Ladies, I hope all of you are getting super excited for this upcoming season. For my girls back in Colorado, I’m jealous some of you are already out ripping the mountain passes and the snow they have. As for my ladies in the Midwest and everywhere else, I hope all of you have your gear ready for a banging upcoming season. As a snowboarder myself, I know how nerve-wracking it can be getting back onto the slopes after months of not riding.  I have pulled together a few tips/reminders using the help of Michelle for women who snowboard, both beginners and those who have been on the slopes for years. Below are 6 tips/reminders for you:


  • Have Proper Gear

    • Gear is obviously important when your sport revolves around it. Get the proper gear for you, not stuff that sort of works for you. Having properly sized gear and every piece of the “puzzle” will assist you in being a better snowboarder
    • Do you have the right size of snowboard for your skill level and weight/height? This can make all the difference in your ability to control the board beneath you.
    • How about a helmet? Concussions are a mild form of traumatic brain injuries and lots of the time rarely show symptoms. Don’t do that to your noggin. Helmets also help keep your head warm.


  • Take a Digger/Fall

    • It is okay to fall! Literally, everyone does it when snowboarding, and if you say you’ve never fallen, you’re not telling the truth. It doesn’t matter if you are a beginner or a million times over again Olympic gold medalist, we all fall. The only way you can get better is by getting back up again after a fall. Hang in there, your bruises will go away, and you will improve! If feel like you really need it, there are some padding products available to cushion the fall.
  • Ride with Others

    • Find a person or a few to ride with. Gather some friends and have them go out with you. Riding alone, especially when learning how to snowboard or learning a new trick, isn’t fun and you probably won’t get the feedback you’re looking for without someone there riding with you.


  • Confidence

    • You’re going to be worried about what people think about you and who’s watching you, it’s just natural when you’re learning something new. In reality though, nobody really cares about how you’re doing besides you. You are your own biggest critic. Get on the hill with confidence. You are on the slopes trying something new, that’s something pretty great in itself. Have confidence in your abilities and your potential. If you’re new at snowboarding, know that everyone out there was also once a beginner. If you’re trying a new trick in the park, many of those riders are trying something new too. If you’re confident in yourself, others will have respect for that.


  • What Next?

    • If you don’t have an idea of where you want your skills to go next, how will you ever improve? Set goals and reach for them. Take time to reach your goals but never give up on them.

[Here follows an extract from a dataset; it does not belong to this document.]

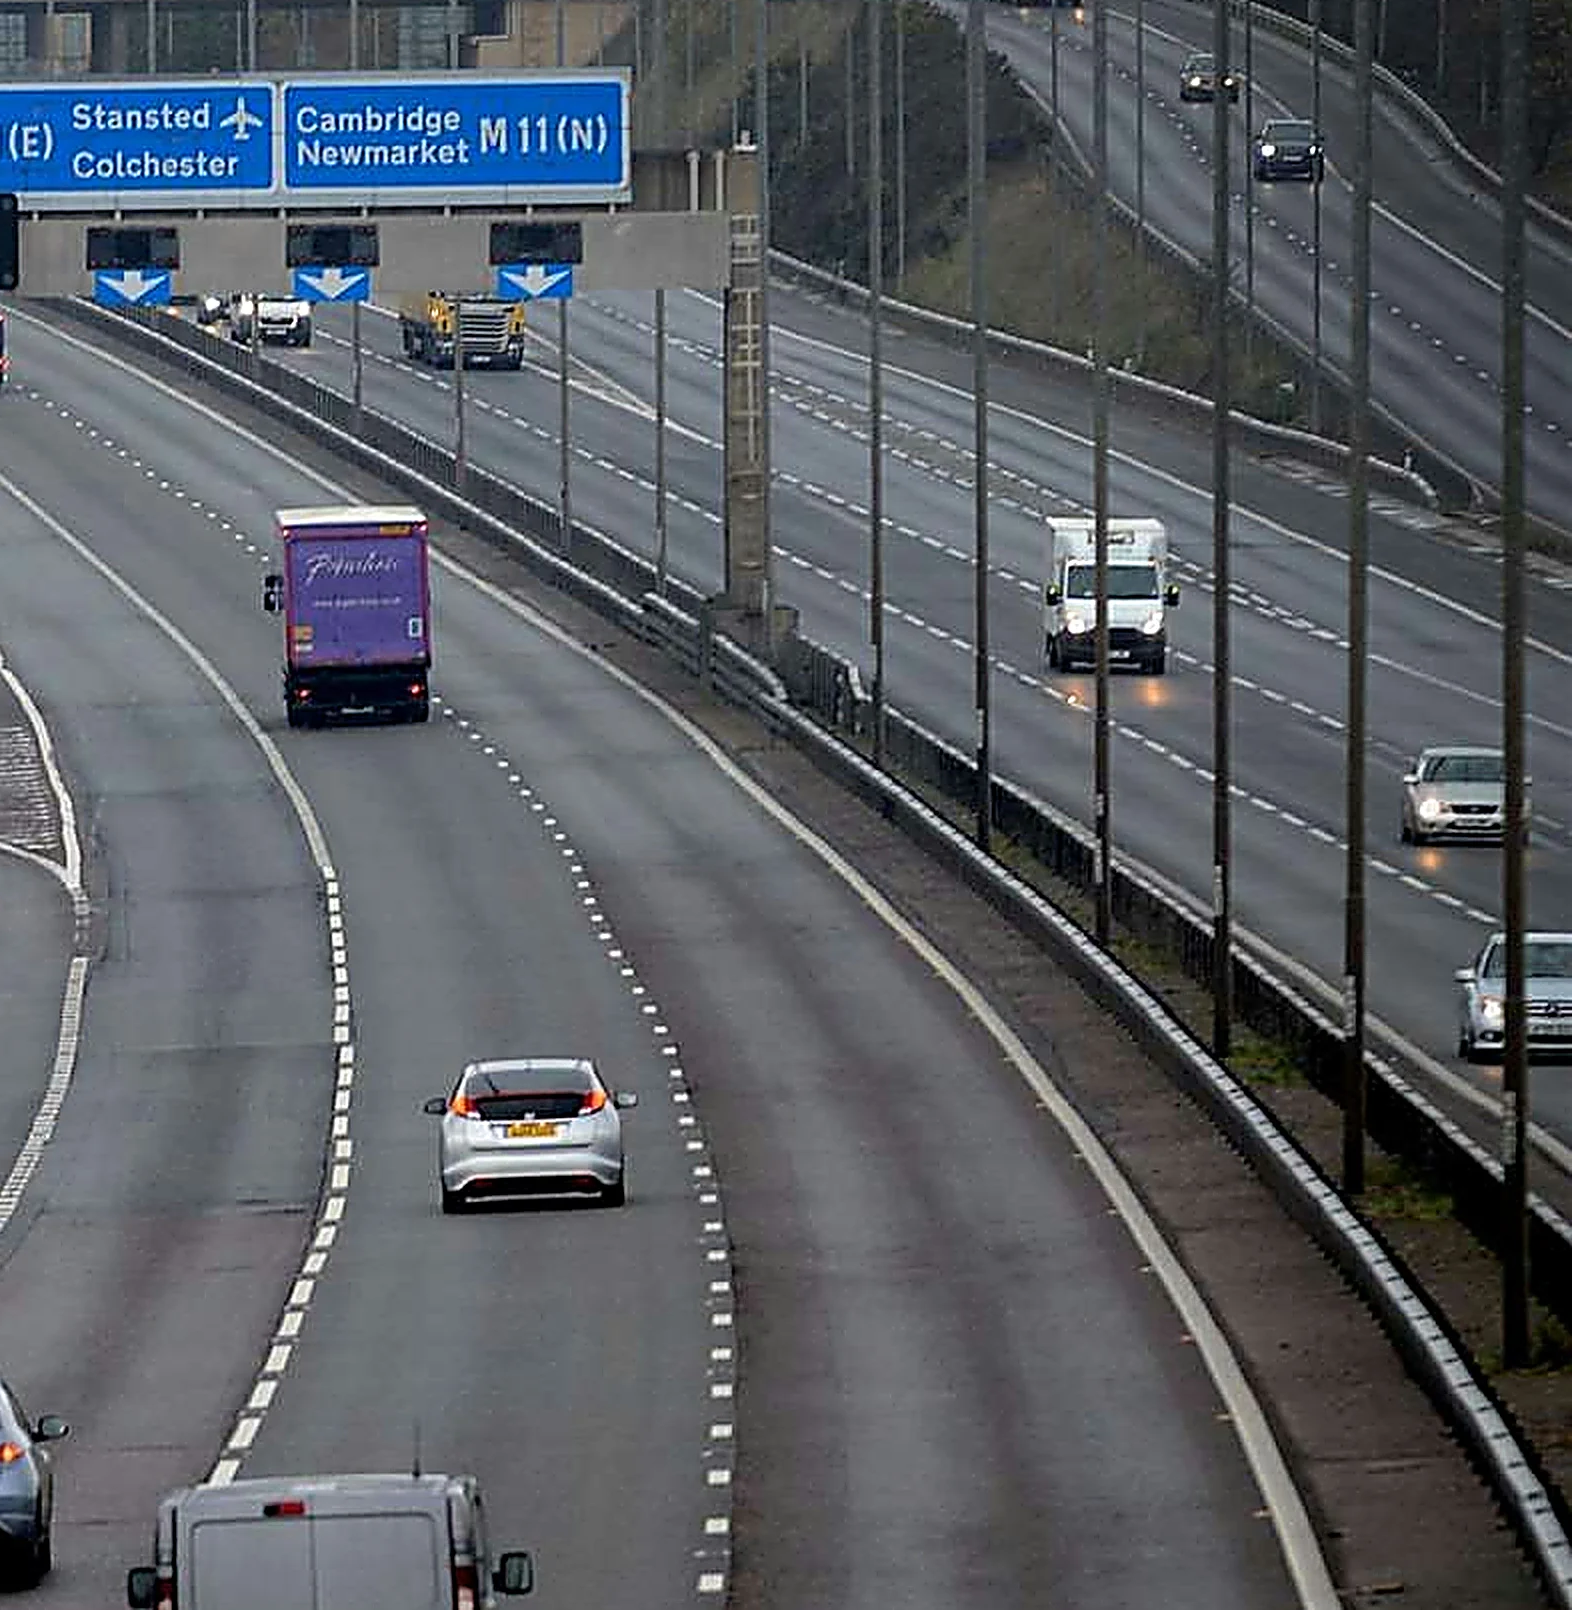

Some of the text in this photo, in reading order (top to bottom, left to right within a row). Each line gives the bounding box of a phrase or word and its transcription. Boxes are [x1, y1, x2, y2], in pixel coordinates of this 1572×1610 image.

  • Do I have to say it?..HAVE FUN!

    • You didn’t strap into your bindings to not have fun while snowboarding. It is supposed to be a fun sport to get you out of your hibernation during the winter months. Get some friends together and go try new things on the slopes. Hit that rail you said you’d never do. Go down that double black diamond. Take some tree runs. And if you fall, do not forget to get back up again. One of the most important tips I’ve got for all you lady shredders?…Enjoy yourself!

A few extra tips from Michelle and I:

  • Wear a glove liner underneath your mittens to ensure your hands stay warm.
  • Keep an extra pair of gloves or mittens in your car in case yours get wet, you are able to switch them out.
  • Make sure to hydrate before and after hitting the slopes.
  • Keep a mat in your trunk if you enjoy getting ready at your vehicle so you have something to stand on that is clean and dry when you don’t have shoes on.

Keep up the hard work and enjoy this season of riding,
Ashley B

PHOTO: Stephan Jende (@jendephoto)


About the Author:

Hey guys, Ashley here! I currently live in White Bear Lake, MN. I grew up in an active family that encourages each other to do the best we can. I learned to swim before I could walk so any day in the water is a day well spent. Since summer is short in Minnesota I took up snowboarding. My brother Cullen taught me to snowboard and has always encouraged me to hit new features and try new tricks, though now I’m that "old lady" in the park getting in everyone’s way. I lived in Steamboat Springs, CO for 6 years where I attended college and graduated with my Bachelor’s in Sustainability Studies. In Steamboat, I loved doing anything and everything outside with friends. In the summer you’ll find me hanging with family at the lake, exploring with my puppy nephew or out with friends. This winter you’ll find me at Trollhaugen in the park or taking laps with my niece who’s learning to snowboard. Say “hi” when you see me next!